One very simple but important question is exactly how to quantify the 'strength' of a peak. In a very broad sense, we want to identify regions where the depth of the peak is significantly more in the experimental condition than in the control (or significantly less to find depleted regions). However, this idea of relative depth depends on two things: the raw number of reads in each condition as well as the fold ratio of reads between the two conditions. To illustrate this, observe this figure from (Park, Nature Reviews Genetics, 2009). In the left example, the ratio between the two conditions is relatively low (1.5-fold change) and the raw read counts are also low, so we consider this slight enrichment to be not significant. On the right, on the other hand, we have two examples of scenarios which we are more likely to want to call significant: one is having a high fold ratio despite relatively low read counts (in other words, a 4 fold enrichment should be significant even if it is only on a small scale), and the other is having a low fold ratio but having high read counts (a 1.5-fold enrichment given 100-150 reads at that region is much more likely to represent a true binding event, although perhaps a weak one). Of course, the scenario that isn't illustrated here is the most desirable, where the region displays a high fold ratio as well as a high number of raw reads. Also note that, although it is the most widely used, a ratio of reads between the two conditions isn't the only way to quantify enrichment; one can also use the absolute difference in read counts (Experiment - Control) or the proportion of read counts attributed to the experimental condition (Experiment / (Experiment + Control)).

Another aspect to consider is the fact that ChIP-seq can be performed using any antibody, so it can be applied to anything from transcription factors to histone modifications, as described above. Consistent with the differing biological functions of different transcription factors as well as the fact that histone modifications can mark specific regions as well as larger domains, this means that ChIP-seq performed using different antibodies will yield differently shaped peaks. These peak shapes are typically split into sharp, broad, and mixed, where sharp reflects specific binding events or histone modifications at regulatory elements, broad reflects longer domains such as repressed regions, and mixed is found when analyzing factors or marks that can generate both types of peaks, such as RNA Polymerase II. See the figure from (Sims et al., Nature Reviews Genetics, 2014) for an illustration of the different types of peaks. It should be clear that different statistical models are required for identifying peaks of each type, as a broad peak, which might have a somewhat lower number of reads at any one position but be spread across a larger region, will not look the same as a sharp peak, which will have more reads in a smaller region.

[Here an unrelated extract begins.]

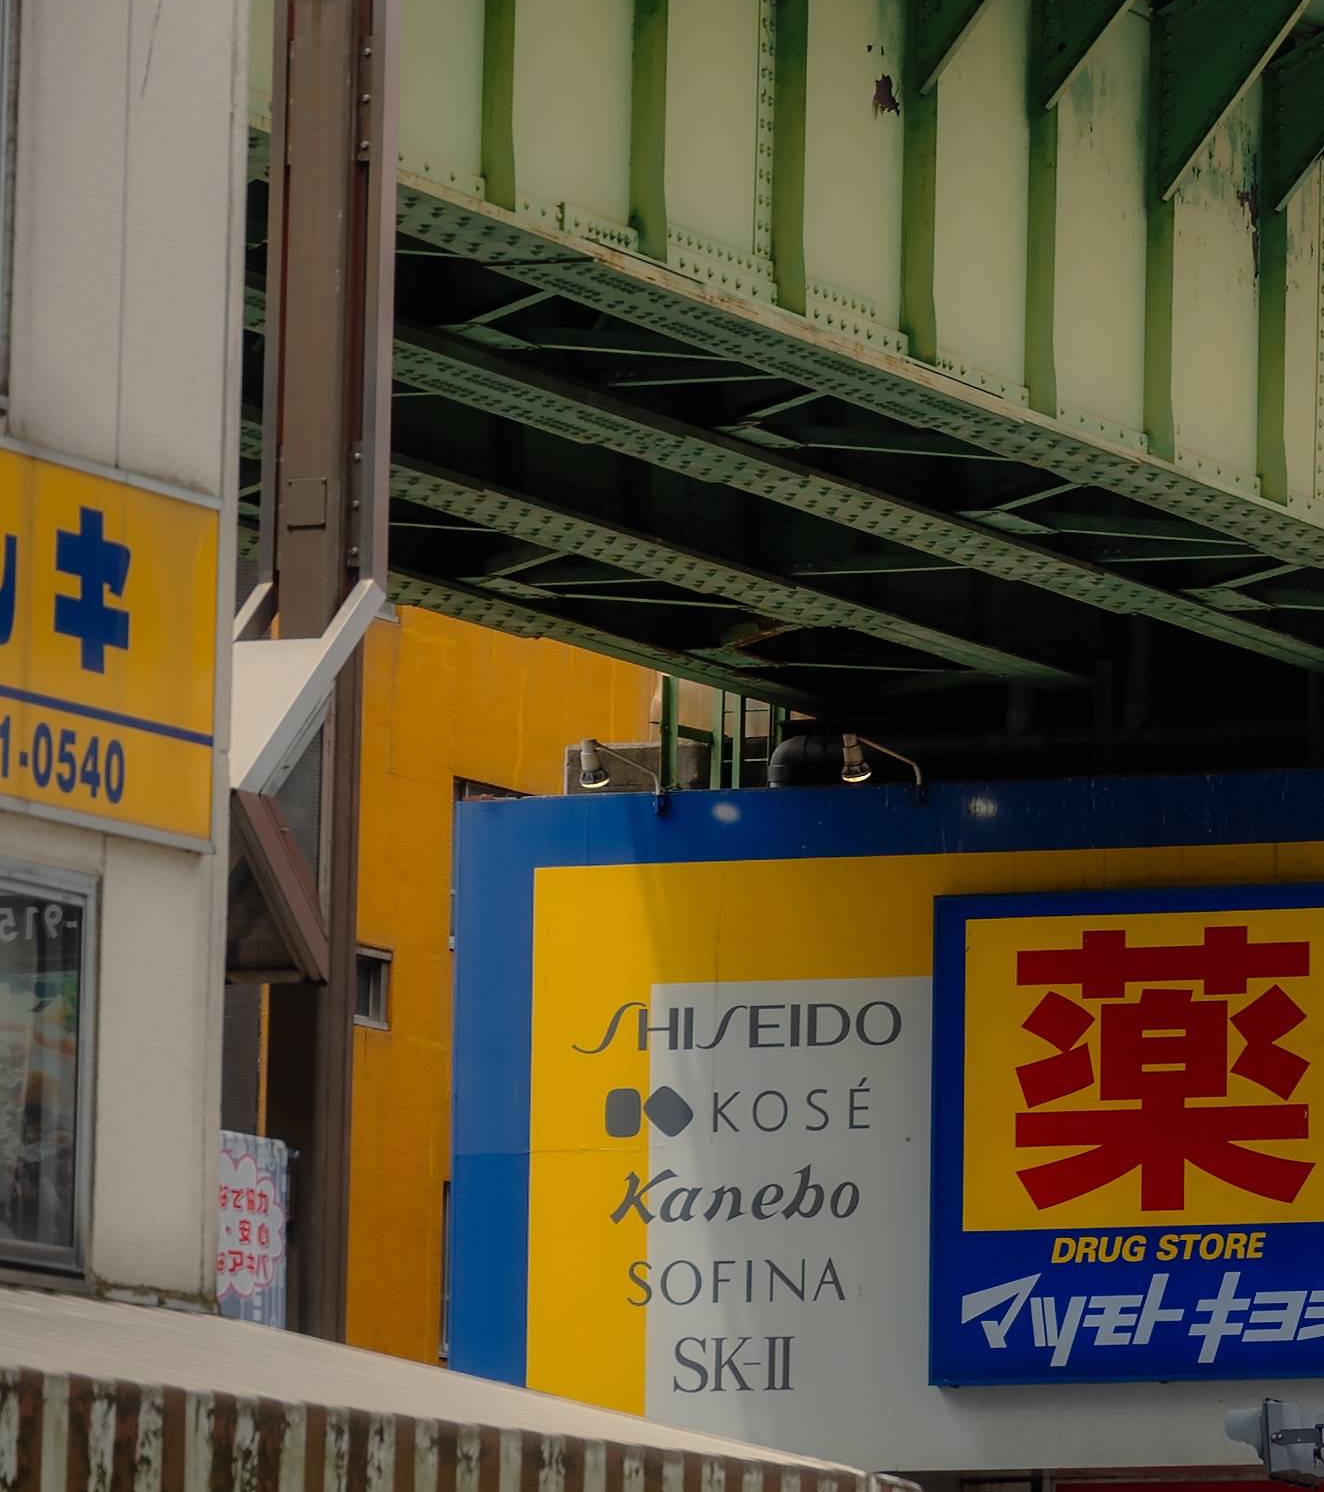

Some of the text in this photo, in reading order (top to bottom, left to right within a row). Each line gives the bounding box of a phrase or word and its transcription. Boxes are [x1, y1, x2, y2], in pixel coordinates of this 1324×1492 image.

There are clearly many things to take into account when performing ChIP-seq analysis, and there are a plethora of software tools that have been developed for ChIP-seq analysis that each deal differently with these issues. For this class, we are going to focus on a single tool, which is currently the most commonly used, called Model-based analysis of ChIP-seq data (MACS), but if you use ChIP-seq for your own research, we would encourage you to compare different tools to figure out which is the most appropriate for your project.

As you probably noticed, I used a lot of figures from a nice ChIP-seq review; if you want a more in-depth discussion of some of these issues, I highly recommend this paper, which is now slightly out of date but still gives a very good background on the technology and its applications: Park, P.J., 2009. ChIP–seq: advantages and challenges of a maturing technology. Nature Reviews Genetics, 10(10), pp.669-680. (http://www.nature.com/nrg/journal/v10/n10/full/nrg2641.html)

5. Questions

1. In ChIP-seq library preparation, what step filters DNA fragments bound to our protein of interest from DNA fragments bound to any protein?

2. Describe why ChIP-seq reads pile up in two distinct peaks at a binding site when mapped to the reference genome.